1. During the conduct of a precedence [sic] setting criminal investigation known as Operation [redacted], ten applicants for law enforcement positions within CBP were identified as receiving sophisticated polygraph Countermeasure training in an effort to defeat the polygraph requirement. None of the CBP applicants were successful, but others involved in the conspiracy were [redacted]. The Insider Threat caused by the physiological and psychological polygraph countermeasures employed against other agencies has been investigated by CBP-IA with assistance from affected agencies. This investigation provides proof of the necessity and effectiveness of the Anti-Border Corruption Act, and revelation of the previously unknown vulnerabilities of the hiring process.

The document does not state how the applicants were identified as having received polygraph countermeasure training, what the underlying crime at the heart of the alleged conspiracy is, or what precedent the investigation sets. It is not a crime to provide or receive instruction in polygraph countermeasures (although a senior federal polygraph instructor has suggested that it should be).

AntiPolygraph.org has contacted the CBP press office seeking answers to the following questions:

  • Have any of these applicants been criminally charged? If so, what are their names and what crimes have they been charged with?
  • The paragraph alleges a criminal conspiracy; what is the underlying crime?
  • Does CBP consider it a crime for applicants to receive instruction in polygraph countermeasures?
  • Does CBP consider it a crime to provide instruction in polygraph countermeasures to CBP applicants?
  • The paragraph characterizes this investigation as precedent setting; what is the precedent that is being set here?
  • How were the applicants in question identified as having received polygraph countermeasure training?
  • Why was the name of the operation redacted? Can you now disclose it?
  • Who provided the polygraph countermeasures training, and has this individual(s) been criminally charged?
  • Does CBP allege that these 10 individuals were in all in cahoots with one another?

This article will be updated upon receipt of a response.

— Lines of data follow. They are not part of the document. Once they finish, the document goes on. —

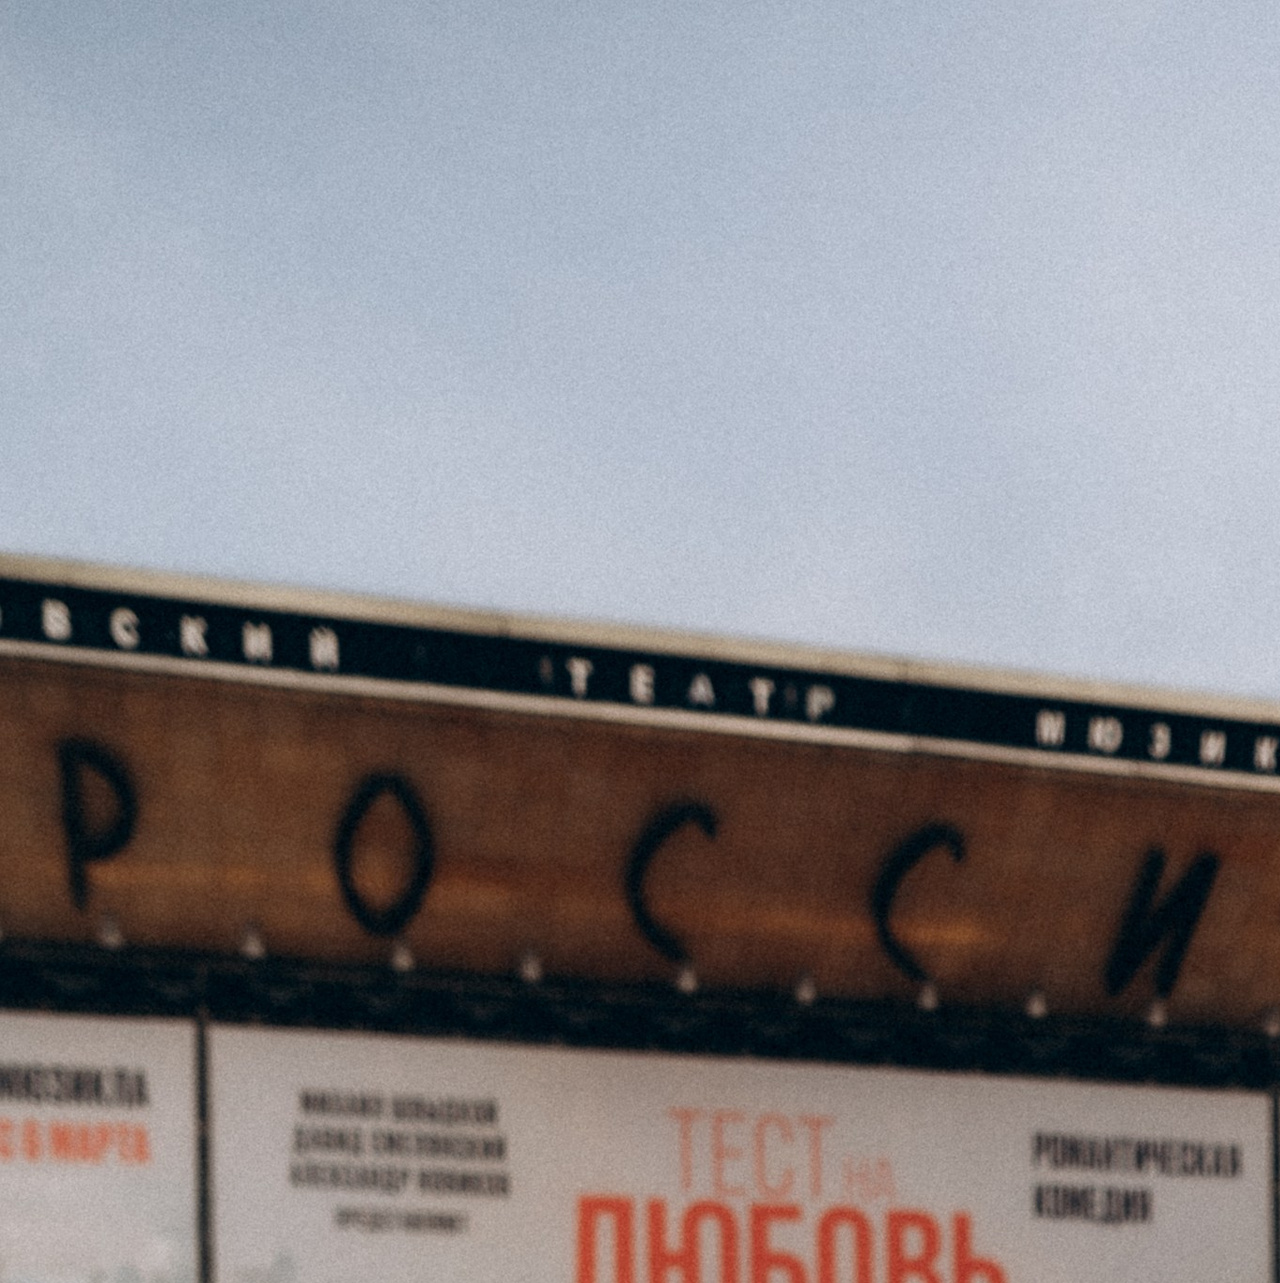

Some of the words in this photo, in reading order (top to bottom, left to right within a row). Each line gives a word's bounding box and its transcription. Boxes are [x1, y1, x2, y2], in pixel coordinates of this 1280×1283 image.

[0, 598, 341, 672] ВСКИЙ
[566, 656, 837, 722] ТЕАТР
[665, 1104, 838, 1198] ТЕСТ
[1033, 1131, 1242, 1178] РОМАНТИЧЕСКАЯ
[1033, 1184, 1152, 1225] КОМЕДИЯ

Update: Laura R. Cylke of the U.S. Customs and Border Protection Office of Public Affairs has informed AntiPolygraph.org that CBP is unwilling to answer any of the above questions. Instead, CBP offered the following (entirely unresponsive) statement:

Statement:

CBP recognizes that public service is a public trust.  It is critical that our employees conduct themselves with the highest standards of integrity as they carry out the critical mission of protecting America’s borders.  Our commitment to integrity begins at the time of application for employment with CBP and continues throughout the careers of our employees.

Each applicant is subject to a rigorous pre-employment process, which includes improved initial screening of applicants, an exhaustive background investigation that begins upon the initial selection of a prospective employee, and pre-employment polygraph examinations of law enforcement candidates.   Each tool is capable of identifying vulnerabilities that the other cannot, and in combination allow for a thorough vetting of the men and women seeking employment with CBP.

Falsification of application forms; cheating on any written exams, drug screening tests, or polygraph exams; and deliberate attempts to mislead background investigators are inconsistent with the highest standards of individual integrity that CBP requires of our employees.  Applicants who engage in these practices will be disqualified from further consideration for employment.

In addition to the extensive pre-employment vetting process, CBP conducts recurring checks of law enforcement officers throughout their careers and upon assignment to sensitive positions to ensure continued suitability for employment with CBP.

Update 2: A discussion thread on this topic has been opened on the AntiPolygraph.org message board. See “Is It a Crime to Provide or Receive Polygraph Countermeasure Training?” We have been freely providing information on polygraph countermeasures for more than a decade, most notably in our free book, The Lie Behind the Lie Detector (1 mb PDF).

Update 3: The criminal investigation into polygraph countermeasure training is named Operation Lie Busters.